本研究は、日本学術振興会科学研究費助成事業(23H02453 [横山]、20K06514 [岸川])、武田科学振興財団 [横山]、AMED創薬等ライフサイエンス研究支援基盤事業(BINDS)の支援を受けて行われました。


<用語解説>


1). ATP (adenosine triphosphate)
様々な生体反応にエネルギー源として使われるため、細胞のエネルギー通貨とも呼ばれる。ヒトをはじめ多くの生物では、ATP合成のほとんどはATP合成酵素によって担われている。


2). ATP合成酵素 (ATP synthase)
ATPの合成を担うタンパク質。真核生物の場合、ミトコンドリア内膜、細菌の場合は細胞膜に存在する。膜に埋まった部分で、生体膜内外に形成されたpH差を回転に変換し、膜から突き出た部分で回転力を使ってATPを合成する(図1)。回転によって反応を行うため、回転分子モーターとも呼ばれる。今回の研究では、V/A-ATPaseとよばれるATP合成酵素を材料とした。安定であり、構造解析に適した試料である。


3). 膜タンパク質 (Membrane proteins)
その一部、または全体が生体膜の中に埋まっているタンパク質。細胞内外の情報伝達や物質の輸送などに関わる。タンパク質全体の約3割が膜タンパク質である。


4). クライオ電子顕微鏡法 (cryo electron microscopy)
急速凍結したタンパク質などの生体試料に電子線を照射し、透過型電子顕微鏡を用いて試料の観察を行う。
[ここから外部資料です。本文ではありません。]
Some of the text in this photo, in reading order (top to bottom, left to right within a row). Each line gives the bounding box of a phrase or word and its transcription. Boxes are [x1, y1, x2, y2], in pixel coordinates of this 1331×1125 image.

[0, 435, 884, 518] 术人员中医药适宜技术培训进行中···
得られた2次元像から画像解析により、3次元再構成を行い、生体分子の立体構造を決定する。


【研究に関するお問い合わせ先】
京都産業大学 生命科学部 教授 横山 謙(よこやま けん)

高輝度光科学研究センター 回折・散乱推進室
主幹研究員・コーディネーター 重松 秀樹(しげまつ ひでき)

大阪大学 超高圧電子顕微鏡センター
教授 光岡 薫(みつおか かおる)

京都工芸繊維大学 応用生物学系
准教授 岸川 淳一(きしかわ じゅんいち)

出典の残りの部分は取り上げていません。